→ **Instructions for the task**:
Although the entries contain pictures, the copy should hold only their exact text.

(Collected data)
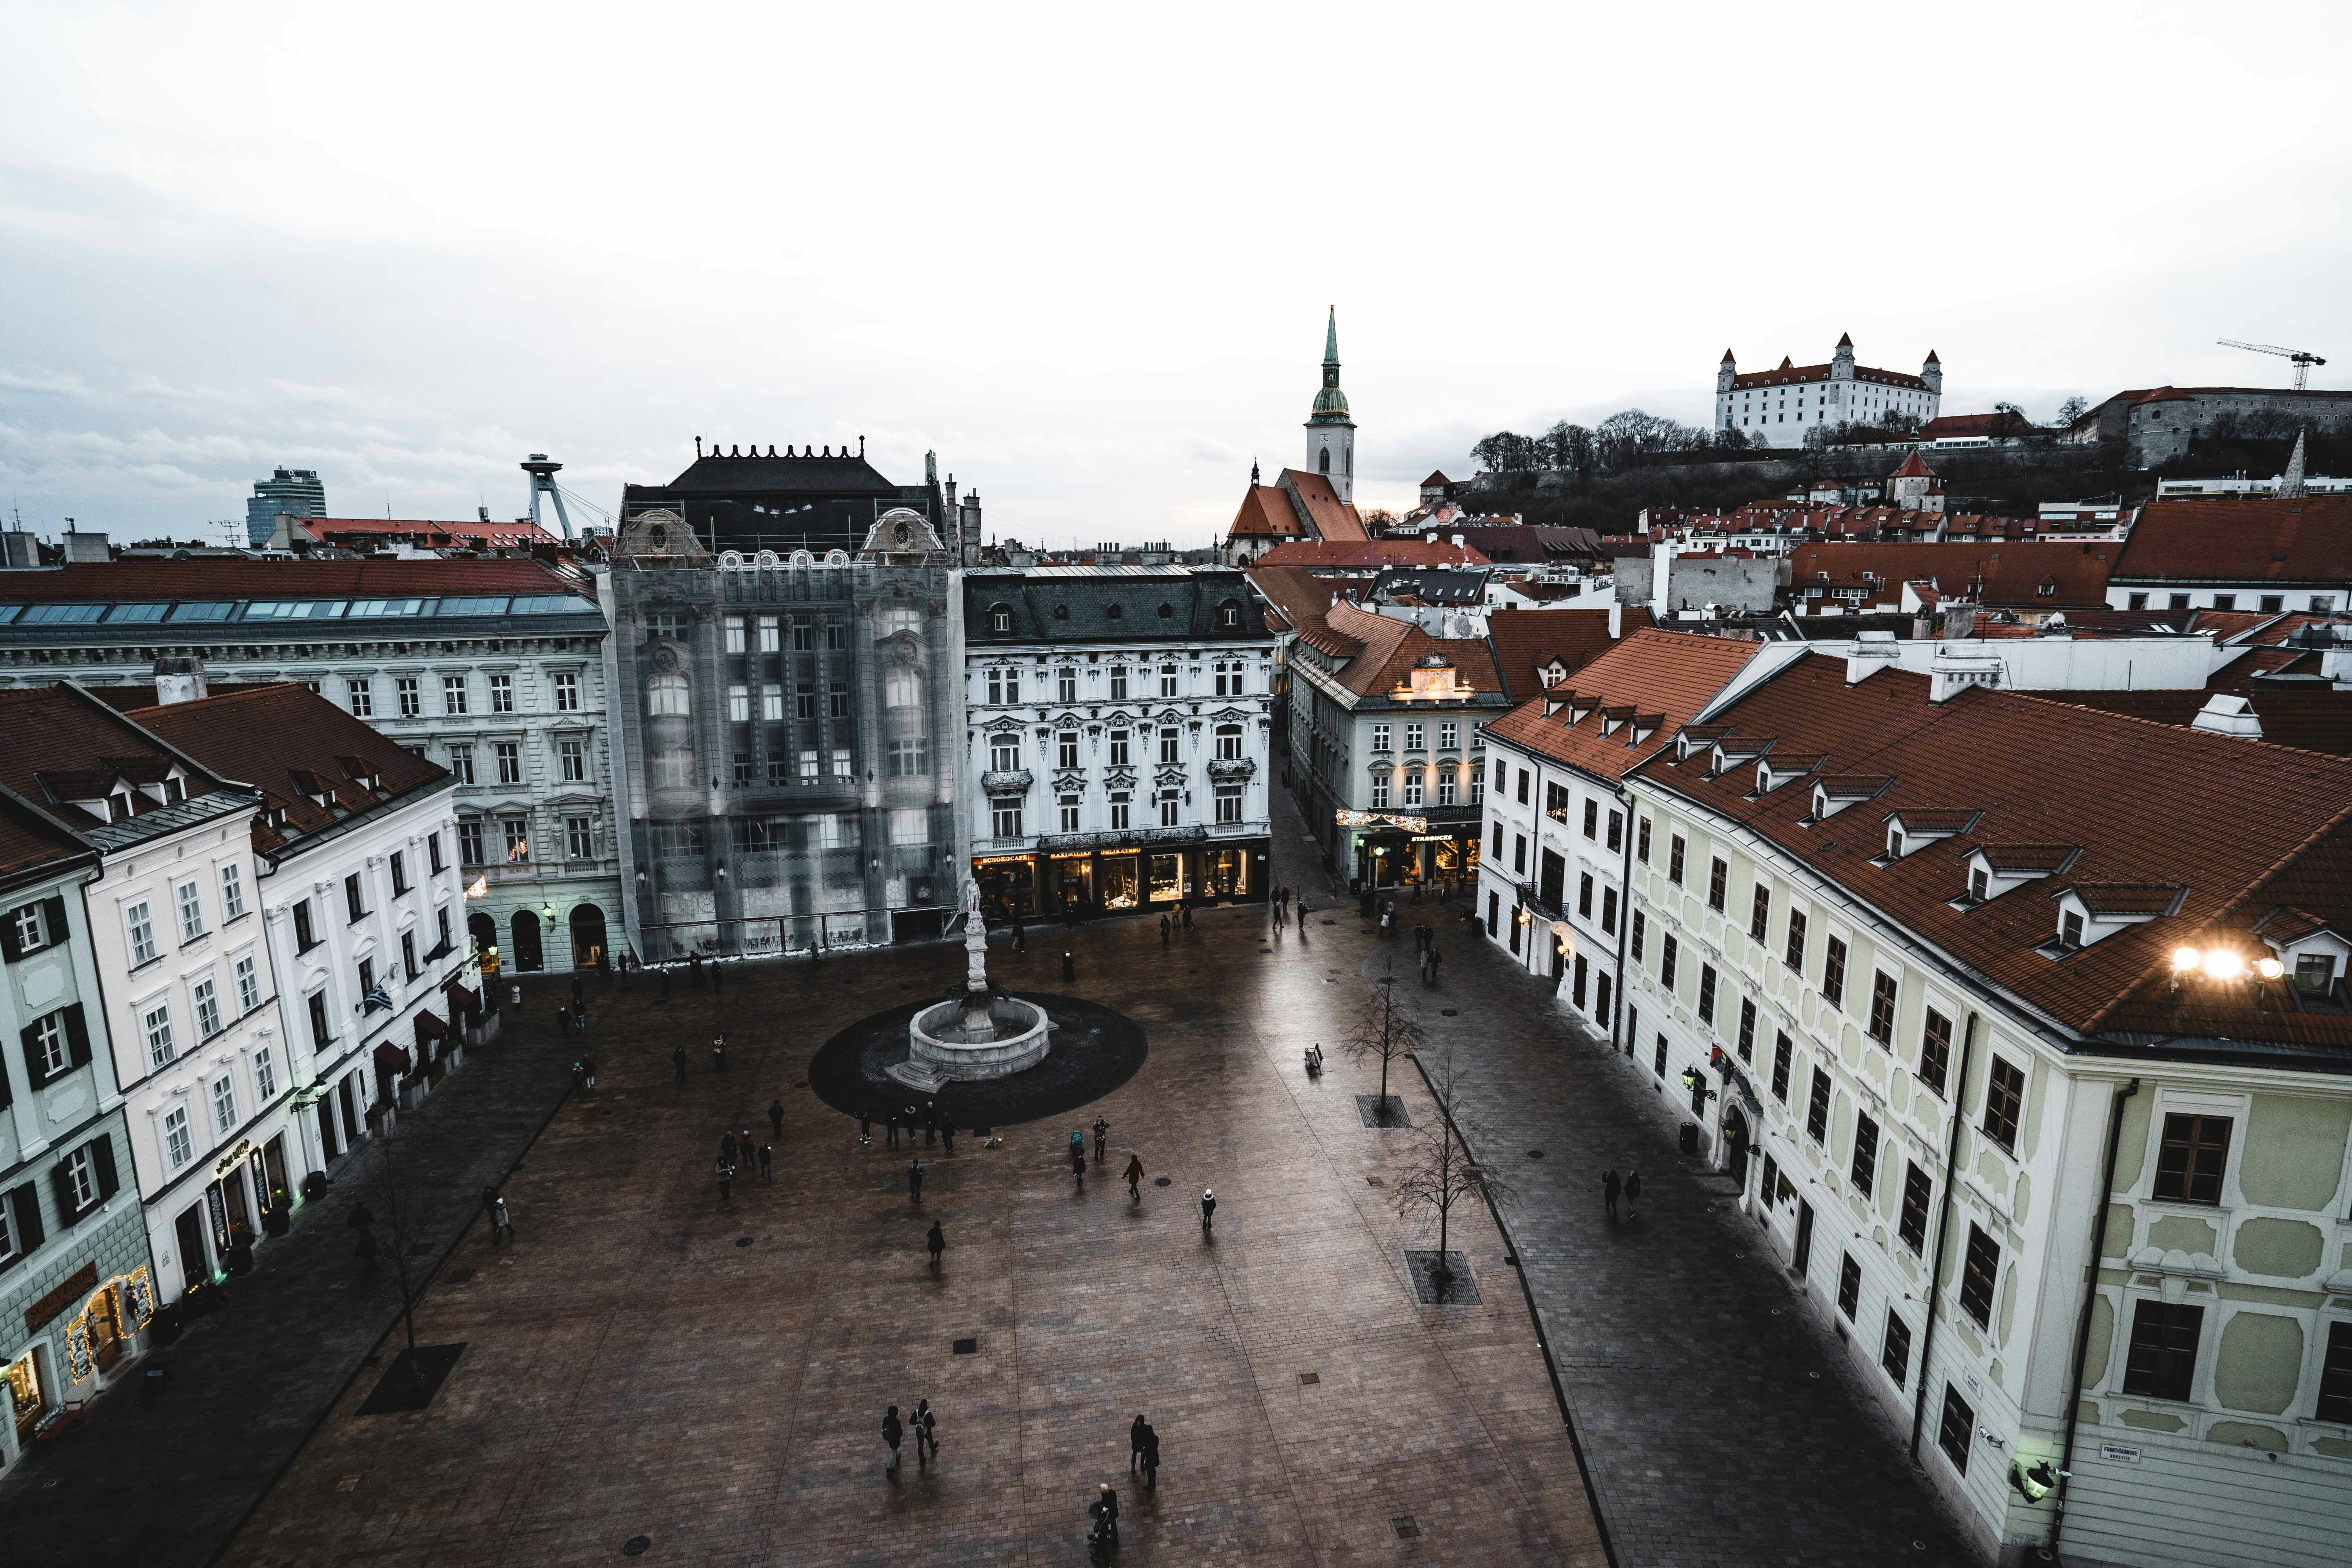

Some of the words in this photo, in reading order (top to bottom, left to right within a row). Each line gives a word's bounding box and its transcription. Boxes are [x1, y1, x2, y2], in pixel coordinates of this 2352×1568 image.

[983, 855, 1027, 864] SCHOKOCAFE
[30, 1268, 94, 1317] SOUVENIRS
[2104, 1446, 2138, 1456] FRANTIŠKÁNSKE
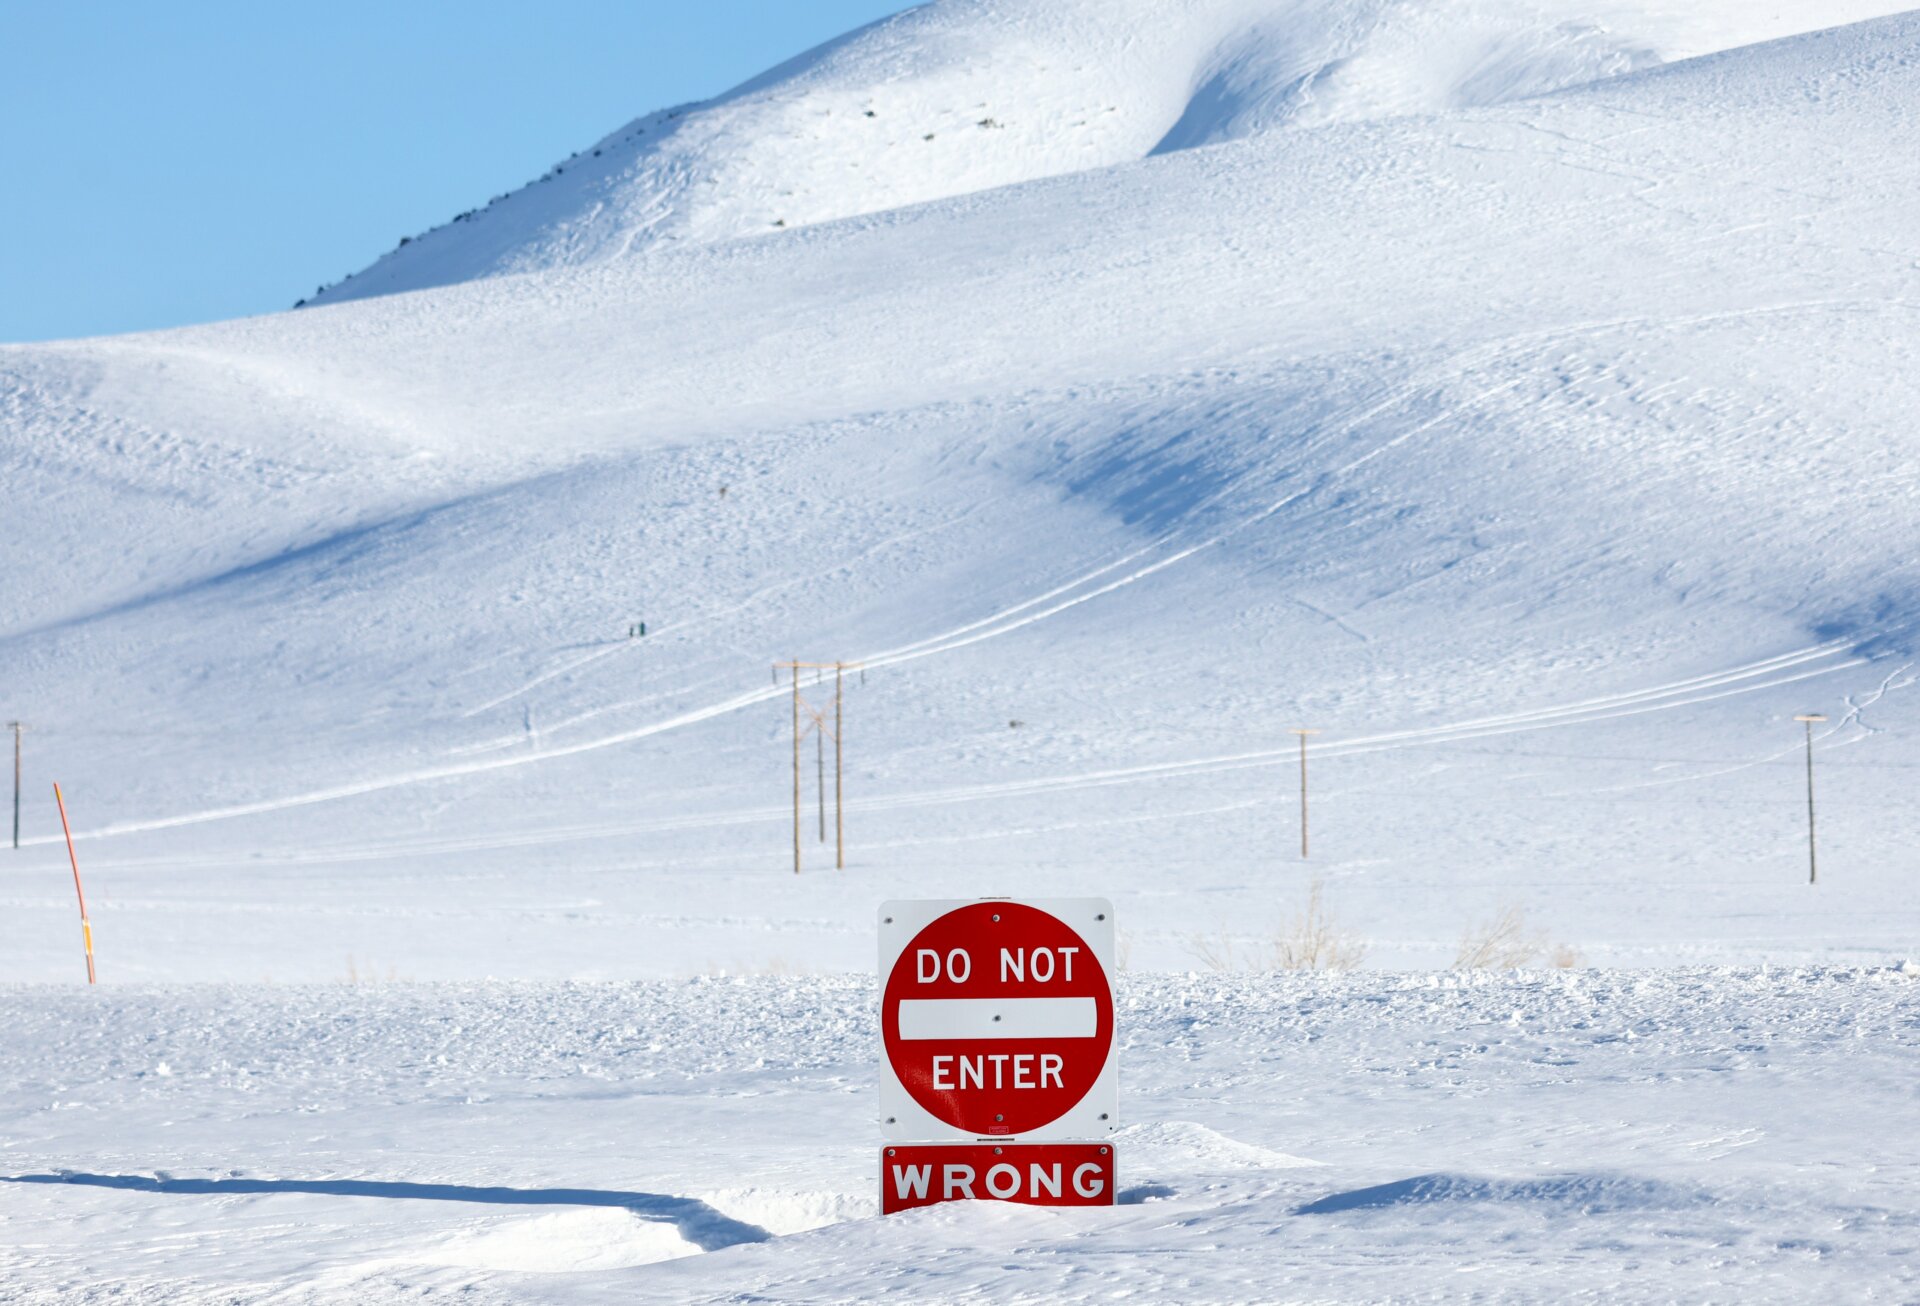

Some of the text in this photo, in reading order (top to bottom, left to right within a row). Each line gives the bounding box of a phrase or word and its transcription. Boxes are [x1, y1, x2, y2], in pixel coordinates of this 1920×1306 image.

→ **Problem solution**:
Some of the words in this photo, in reading order (top to bottom, left to right within a row). Each line gives a word's bounding box and its transcription. Boxes are [x1, y1, x2, y2], in pixel coordinates of this 2352×1568 image.

[983, 855, 1027, 864] SCHOKOCAFE
[30, 1268, 94, 1317] SOUVENIRS
[2104, 1446, 2138, 1456] FRANTIŠKÁNSKE

Some of the text in this photo, in reading order (top to bottom, left to right within a row). Each line gives the bounding box of a phrase or word and its transcription. Boxes are [x1, y1, x2, y2], in pixel coordinates of this 1920×1306 image.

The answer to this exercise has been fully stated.